The biodome’s growing conservative movement also has quieter, less visible, but no less effective, faces. Bob (who asked that we not use his real name) sits high up on the food chain of one of the city’s biggest and most well-known employers, where he works with international clients. The 37-year-old says that while coming out as a conservative might not get him fired, it would make relations at the office awkward. “Part of me would love to be able to get into political discussions at work,” he says. “But I’d take so much crap.”
That hasn’t stopped him from becoming a firebrand among Portland’s virtual activists. Flush with pride after hearing friends’ reports of the 75,000 like-minded people at the Taxpayer March on DC (what he calls the “Conservative Woodstock”), Bob flipped on the television to see news reports saying that only a few thousand protestors had shown up on the National Mall. “That was a crescendo for me,” Bob says. “We’re doing the right things to be heard, we’re not attacking, we’re generally positive, and unlike, say, a G-20 protest, we cleaned up our mess. It was a punch to the gut.”
So Bob started a Facebook page to voice his frustration. He tossed out the idea of picketing the local Portland media, which he felt had an obvious liberal bias. Within an hour, he was getting requests from other people around the state who liked the plan and wanted to do the same thing in their towns. Two weeks later, 7,200 fed-up conservatives had joined his page and his brainchild—a “Can You Hear Us Now” march on the media. Here in Portland, a mere 100 people showed up to parade from the offices of the Oregonian to KGW studios at Pioneer Courthouse Square. But Bob’s effort spawned 53 similarly loud but peaceful events all across the country.

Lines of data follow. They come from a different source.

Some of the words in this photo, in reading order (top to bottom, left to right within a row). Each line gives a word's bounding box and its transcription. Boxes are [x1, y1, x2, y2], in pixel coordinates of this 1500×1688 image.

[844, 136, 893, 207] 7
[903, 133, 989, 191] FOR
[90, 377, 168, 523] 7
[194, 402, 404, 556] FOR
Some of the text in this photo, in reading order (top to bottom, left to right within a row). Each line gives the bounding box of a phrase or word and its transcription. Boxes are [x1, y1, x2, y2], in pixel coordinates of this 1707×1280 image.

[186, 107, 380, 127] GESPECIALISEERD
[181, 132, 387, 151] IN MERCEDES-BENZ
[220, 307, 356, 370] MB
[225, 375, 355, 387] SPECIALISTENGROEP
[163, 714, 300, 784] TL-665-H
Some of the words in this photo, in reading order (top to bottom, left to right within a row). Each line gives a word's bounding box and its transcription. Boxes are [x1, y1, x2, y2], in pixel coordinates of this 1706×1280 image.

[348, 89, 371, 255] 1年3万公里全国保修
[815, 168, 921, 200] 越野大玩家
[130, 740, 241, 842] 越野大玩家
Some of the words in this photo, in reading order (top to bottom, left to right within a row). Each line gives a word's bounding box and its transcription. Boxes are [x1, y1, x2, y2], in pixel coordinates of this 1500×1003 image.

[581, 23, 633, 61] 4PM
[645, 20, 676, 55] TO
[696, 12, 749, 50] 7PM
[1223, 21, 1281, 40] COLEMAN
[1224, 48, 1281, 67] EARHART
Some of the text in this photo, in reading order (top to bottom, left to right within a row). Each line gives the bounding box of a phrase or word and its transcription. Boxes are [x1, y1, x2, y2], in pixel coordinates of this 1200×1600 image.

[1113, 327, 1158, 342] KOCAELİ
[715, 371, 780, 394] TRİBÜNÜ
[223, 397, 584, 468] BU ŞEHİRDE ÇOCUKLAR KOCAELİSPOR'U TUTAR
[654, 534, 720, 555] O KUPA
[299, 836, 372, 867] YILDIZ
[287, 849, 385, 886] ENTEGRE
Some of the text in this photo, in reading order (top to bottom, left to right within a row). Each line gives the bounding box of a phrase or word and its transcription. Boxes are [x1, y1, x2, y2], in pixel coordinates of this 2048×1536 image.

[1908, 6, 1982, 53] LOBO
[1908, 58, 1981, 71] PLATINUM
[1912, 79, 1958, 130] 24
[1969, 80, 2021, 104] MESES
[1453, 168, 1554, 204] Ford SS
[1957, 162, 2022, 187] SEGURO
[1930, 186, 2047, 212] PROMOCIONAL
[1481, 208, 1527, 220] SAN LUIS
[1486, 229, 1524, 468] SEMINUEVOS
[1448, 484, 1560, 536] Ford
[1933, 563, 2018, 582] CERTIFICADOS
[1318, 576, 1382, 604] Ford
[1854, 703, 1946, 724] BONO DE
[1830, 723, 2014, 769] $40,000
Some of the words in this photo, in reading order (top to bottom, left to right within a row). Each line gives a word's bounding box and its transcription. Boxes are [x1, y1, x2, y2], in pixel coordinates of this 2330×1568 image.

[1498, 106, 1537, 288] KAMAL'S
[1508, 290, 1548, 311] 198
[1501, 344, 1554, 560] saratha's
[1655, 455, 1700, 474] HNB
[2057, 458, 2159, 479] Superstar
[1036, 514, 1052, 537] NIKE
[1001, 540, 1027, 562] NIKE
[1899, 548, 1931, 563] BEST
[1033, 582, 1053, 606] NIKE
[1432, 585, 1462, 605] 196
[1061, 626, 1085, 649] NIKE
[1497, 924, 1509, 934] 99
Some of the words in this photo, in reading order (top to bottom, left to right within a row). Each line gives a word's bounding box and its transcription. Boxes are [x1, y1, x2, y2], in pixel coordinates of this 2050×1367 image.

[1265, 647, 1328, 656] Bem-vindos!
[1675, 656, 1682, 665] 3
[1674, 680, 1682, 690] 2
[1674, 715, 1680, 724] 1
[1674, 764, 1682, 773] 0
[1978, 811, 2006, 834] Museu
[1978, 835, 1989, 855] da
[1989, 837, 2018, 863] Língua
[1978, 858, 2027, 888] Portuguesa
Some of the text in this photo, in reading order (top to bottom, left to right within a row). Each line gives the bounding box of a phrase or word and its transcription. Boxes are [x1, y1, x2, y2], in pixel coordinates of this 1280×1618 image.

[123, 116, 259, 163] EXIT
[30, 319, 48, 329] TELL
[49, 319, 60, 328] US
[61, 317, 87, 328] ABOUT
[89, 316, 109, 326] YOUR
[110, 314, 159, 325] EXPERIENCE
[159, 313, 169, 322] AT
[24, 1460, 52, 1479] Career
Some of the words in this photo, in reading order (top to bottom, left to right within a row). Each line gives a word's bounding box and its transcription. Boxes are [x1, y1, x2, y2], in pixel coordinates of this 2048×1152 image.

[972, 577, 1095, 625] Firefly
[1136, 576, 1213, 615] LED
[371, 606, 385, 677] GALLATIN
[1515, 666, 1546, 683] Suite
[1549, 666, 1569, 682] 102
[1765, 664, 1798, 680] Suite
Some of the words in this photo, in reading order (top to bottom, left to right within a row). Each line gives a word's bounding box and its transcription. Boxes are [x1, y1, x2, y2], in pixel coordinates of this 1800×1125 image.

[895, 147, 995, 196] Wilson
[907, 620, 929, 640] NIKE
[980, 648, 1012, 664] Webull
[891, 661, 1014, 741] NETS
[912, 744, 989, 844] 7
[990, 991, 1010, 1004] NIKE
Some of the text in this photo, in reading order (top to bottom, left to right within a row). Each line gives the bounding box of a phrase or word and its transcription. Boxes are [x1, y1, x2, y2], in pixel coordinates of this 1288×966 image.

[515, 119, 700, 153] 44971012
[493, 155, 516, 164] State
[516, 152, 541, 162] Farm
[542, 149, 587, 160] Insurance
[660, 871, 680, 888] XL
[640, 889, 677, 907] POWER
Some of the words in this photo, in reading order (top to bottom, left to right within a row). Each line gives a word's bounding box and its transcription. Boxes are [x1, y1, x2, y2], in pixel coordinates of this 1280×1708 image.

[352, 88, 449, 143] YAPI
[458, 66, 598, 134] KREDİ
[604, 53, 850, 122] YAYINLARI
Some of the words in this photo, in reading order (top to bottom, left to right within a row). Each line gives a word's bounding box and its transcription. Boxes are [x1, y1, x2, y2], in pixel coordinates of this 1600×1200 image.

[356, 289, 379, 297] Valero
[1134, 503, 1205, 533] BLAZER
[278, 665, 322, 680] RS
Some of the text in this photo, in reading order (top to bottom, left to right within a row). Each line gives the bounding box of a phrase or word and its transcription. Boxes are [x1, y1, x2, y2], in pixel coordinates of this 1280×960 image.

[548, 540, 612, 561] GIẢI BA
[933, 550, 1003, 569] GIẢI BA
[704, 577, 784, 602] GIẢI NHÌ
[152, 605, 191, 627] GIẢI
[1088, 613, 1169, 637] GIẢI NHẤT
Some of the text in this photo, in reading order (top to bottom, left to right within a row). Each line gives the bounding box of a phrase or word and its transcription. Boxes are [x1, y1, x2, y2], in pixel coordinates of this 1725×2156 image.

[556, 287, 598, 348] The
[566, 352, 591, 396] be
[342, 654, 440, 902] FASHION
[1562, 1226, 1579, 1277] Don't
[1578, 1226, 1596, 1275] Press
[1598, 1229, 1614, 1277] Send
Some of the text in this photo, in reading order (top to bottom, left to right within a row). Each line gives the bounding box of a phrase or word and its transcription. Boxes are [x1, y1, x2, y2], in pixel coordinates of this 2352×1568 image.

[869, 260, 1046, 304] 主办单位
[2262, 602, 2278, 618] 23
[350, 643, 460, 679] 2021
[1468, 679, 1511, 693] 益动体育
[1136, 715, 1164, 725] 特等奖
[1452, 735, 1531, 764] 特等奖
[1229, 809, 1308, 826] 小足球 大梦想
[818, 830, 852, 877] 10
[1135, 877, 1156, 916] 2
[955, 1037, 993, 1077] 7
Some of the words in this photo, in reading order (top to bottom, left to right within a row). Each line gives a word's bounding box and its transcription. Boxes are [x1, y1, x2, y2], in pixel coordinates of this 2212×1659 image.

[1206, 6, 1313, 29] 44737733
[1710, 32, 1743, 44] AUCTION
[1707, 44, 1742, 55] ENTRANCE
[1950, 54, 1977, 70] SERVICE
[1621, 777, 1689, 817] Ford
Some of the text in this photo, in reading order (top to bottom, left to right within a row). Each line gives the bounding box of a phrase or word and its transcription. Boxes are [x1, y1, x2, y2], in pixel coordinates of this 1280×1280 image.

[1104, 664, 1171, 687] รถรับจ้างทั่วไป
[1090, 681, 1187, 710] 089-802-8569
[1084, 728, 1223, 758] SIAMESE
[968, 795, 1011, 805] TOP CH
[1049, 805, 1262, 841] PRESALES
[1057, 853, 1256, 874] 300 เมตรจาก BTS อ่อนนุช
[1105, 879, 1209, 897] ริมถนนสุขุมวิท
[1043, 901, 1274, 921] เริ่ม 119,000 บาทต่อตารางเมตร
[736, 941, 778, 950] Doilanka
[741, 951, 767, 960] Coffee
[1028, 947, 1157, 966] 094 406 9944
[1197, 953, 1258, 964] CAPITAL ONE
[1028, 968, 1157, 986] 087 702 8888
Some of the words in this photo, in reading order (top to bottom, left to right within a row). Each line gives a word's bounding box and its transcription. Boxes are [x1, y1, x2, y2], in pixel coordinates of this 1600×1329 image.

These are the kinds of gatherings that Neiwert calls a breeding ground for militias. Maybe there’s something vaguely menacing in the handful of protesters carrying “Where’s the Birth Certificate?” signs and yellow “Don’t Tread on Me” flags. But mostly, watching the protesters lug their handmade posters up SW Sixth Avenue, some with their kids in tow, one doesn’t feel especially threatened. “Environmentalists aren’t compared to eco-terrorists, so why do we all get thrown in with the McVeigh-militia people?” Bob asks. “I see these protests as a positive. They help give voice to lots of frustration. We’re helping people get it out of their system. We are not all wingnuts.”
And in fact, in a sign of the rapid maturation of the Tea Party movement, it’s already held its first national convention in Nashville this year (with Sarah Palin as the keynote speaker), while in Florida, Marco Rubio—a rising star on his state’s Tea Party circuit—will duke it out in the Republican primary for the right to a spot in the US Senate. So far, Oregon’s Tea Party is holding to a policy of not endorsing candidates. But three Republicans—Doug Keller, Rob Cornilles, and John Kuzmanich—running for Oregon’s 1st Congressional district seat (now occupied by a vulnerable Democrat, David Wu) have aggressively courted the partiers’ audience. All three spoke at the Labor Day Tea Party. Last September, when Keller announced his intention to run, his reasoning typified the movement: “Instead of just complaining, I decided that it was time to step up and do something.” Tucked underneath his campaign logo—a “Don’t Tread on Me” flag—is his motto: “Join the resistance.”
Somewhere in Garden Home, William Krause must be smiling at Keller’s moxie. “A lot of the general public is willing to live in a socialist society and have the government run everything,” he says. “But America is supposed to be ‘by the people, for the people’—not by the government, for the government.”